Dr. François Duvalier, also known as “Papa Doc,” was the president of Haiti from 1957 to 1971. His regime was notorious for its autocratic and corrupt rule.
Born on April 14, 1907 in the Haitian capital Port-au-Prince, François Duvalier was the son of Duval Duvalier and Uritia Abraham. Politically active from an early age, Duvalier wrote articles for the nationalist and anti-American occupation newspaper, Action Nationale under the name Abderrahman. In 1934, he attended medical school at the University of Haiti and subsequently worked at various hospitals and clinics around the city. Despite his earlier opposition to U.S. control of Haiti, Duvalier later participated in the U.S. sponsored campaigns against malaria and yaws in the 1940s.
Continuing his political activism, Duvalier co-founded the journal Les Griots. The journal promoted Négritude (a form of black nationalism) and championed the black minority against the Europeanized mixed-race elite. Duvalier asserted in his book, Le Problème des classes à travers l’histoire d’Haïti, that the black middle class should declare its power and overthrow the elite mulatto hegemony. Throwing support behind Dumarsais Estimé’s government, Duvalier served in the Ministries of Public Health and Labor, giving him his first role in government. When a bloodless coup in 1950 elevated Colonel Paul Magloire to the Presidency, Duvalier went into hiding.
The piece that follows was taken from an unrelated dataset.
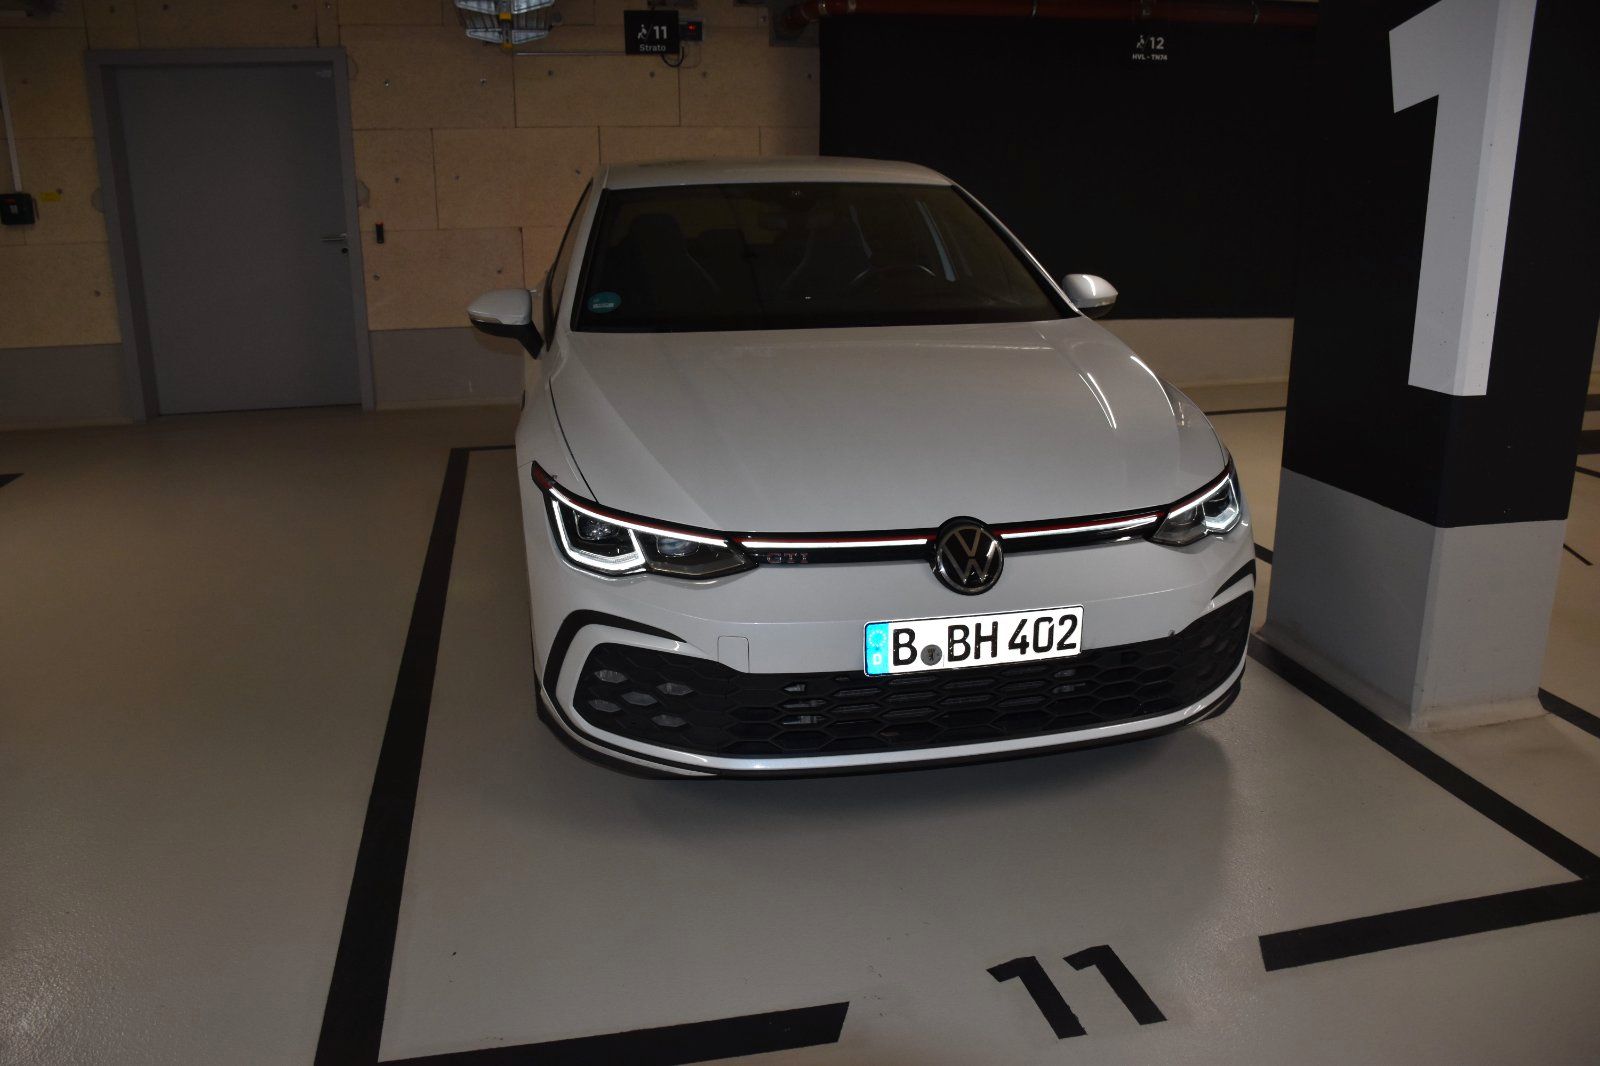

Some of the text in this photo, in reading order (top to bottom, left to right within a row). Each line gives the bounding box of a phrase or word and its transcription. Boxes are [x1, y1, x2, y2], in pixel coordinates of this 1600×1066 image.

By 1956, riots had forced Magloire to resign and Duvalier presented himself as the heir to Estimé’s reformist government. He won the 1957 election, though some claimed that the Forces Armee de Haiti rigged the results. Initially presenting himself as a reconciliatory president, within months Duvalier silenced opposition and began distributing self-promoting propaganda. To avoid the threat of a military coup, “Papa Doc,” as he came to be called, reorganized the armed forces and created a secret police, the Milice Volontaires de la Sécurité Nationale, or the Tontons Macoutes. Giving the Tontons Macoutes the license to intimidate, extort, and murder, the militia quieted opponents and forcibly bolstered support for the president. Duvalier defeated an attempted coup in 1958 and survived a major heart attack in 1959, both of which increased his paranoia.
In the 1960s, Duvalier proved to be resistant to both domestic and foreign challenges. At home, he intensified his campaign of terror and consequently hundreds of Haitians were arrested, beaten, or simply disappeared. His corrupt policies also indirectly killed thousands of Haitians as food shortages became rampant.
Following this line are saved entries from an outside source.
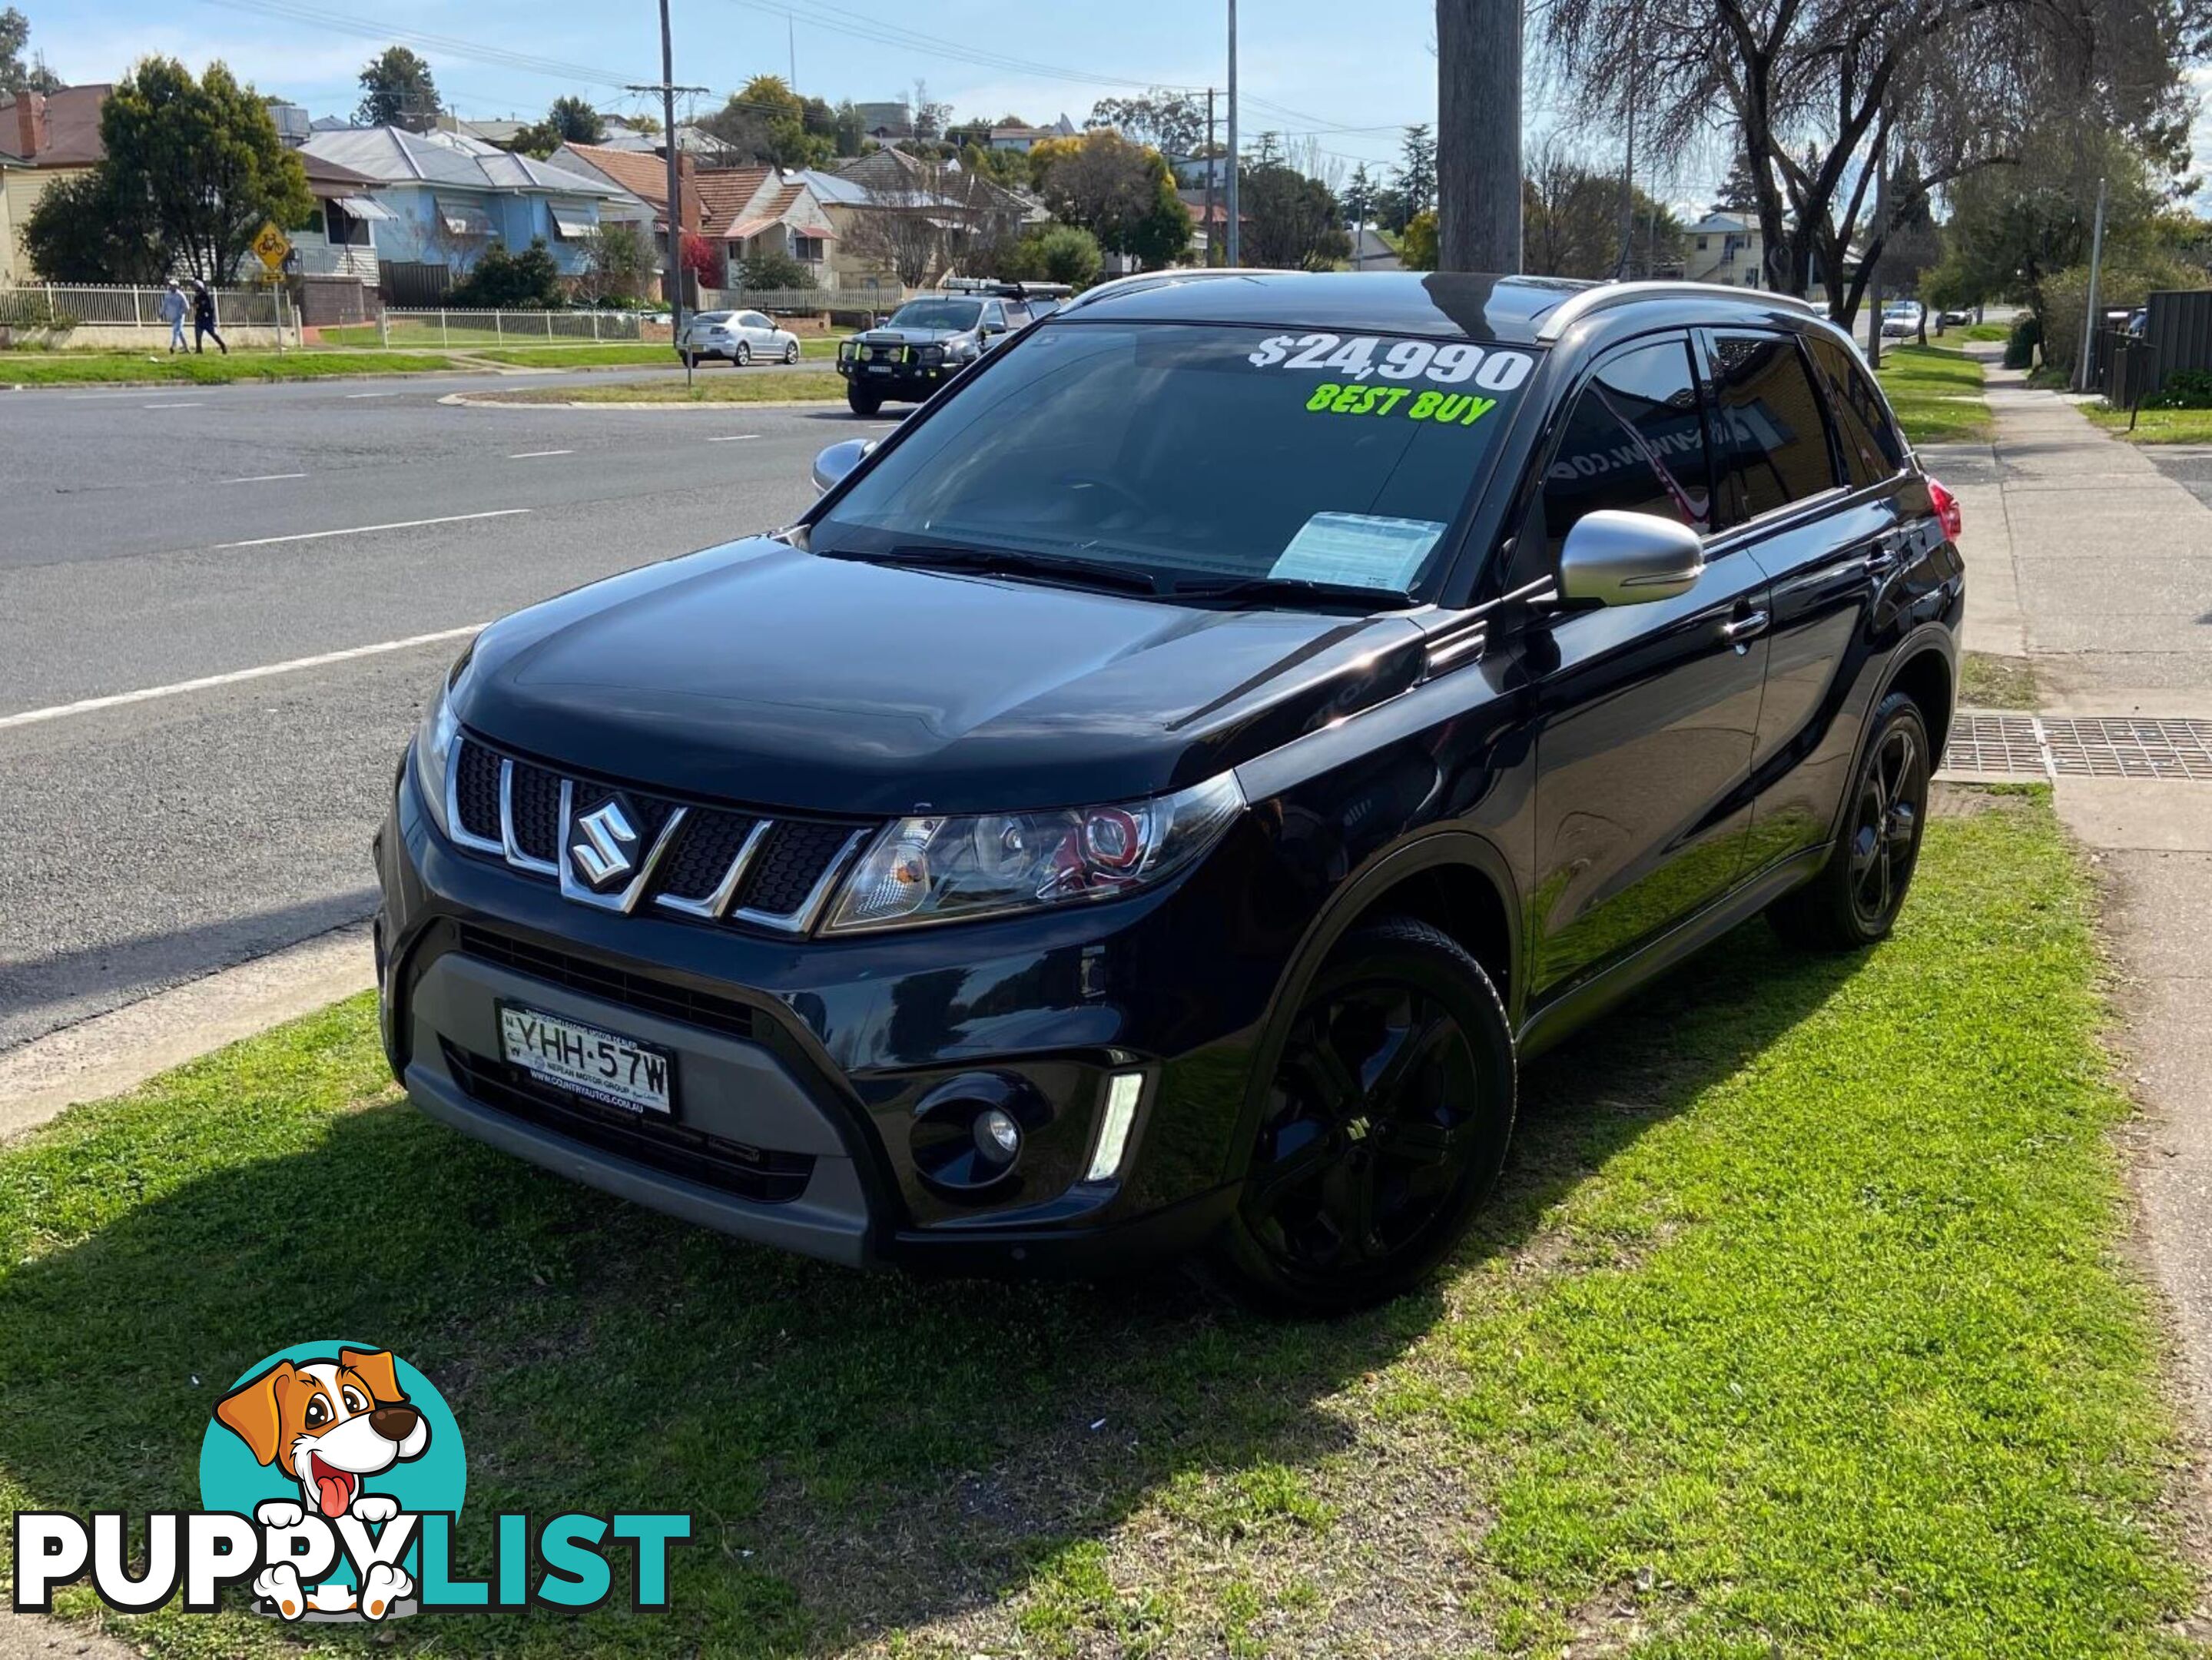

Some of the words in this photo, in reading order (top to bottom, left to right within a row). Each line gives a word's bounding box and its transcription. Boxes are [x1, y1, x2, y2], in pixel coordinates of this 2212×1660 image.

[1248, 334, 1534, 391] $24,990
[1306, 383, 1411, 415] BEST
[1408, 390, 1497, 426] BUY
[575, 1071, 603, 1086] MOTOR
[604, 1080, 630, 1094] GROUP
In 1964, Duvalier’s supporters drafted a new constitution that declared him president-for-life. From that point many professionals fled the country, resulting in the collapse of the educational and health care systems. Duvalier’s government additionally confiscated peasant land holdings and siphoned about $500 million of taxes and foreign aid. Malnutrition and famine became endemic. An estimated 40,000 Haitians died under his rule from 1957 to 1971.
Duvalier also resisted foreign criticism. He challenged Cuba, the Dominican Republic, and the United States, leaving the country with few political allies. “Papa Doc” maintained his presidency until his death in 1971. His son, Jean-Claude Duvalier, succeeded him.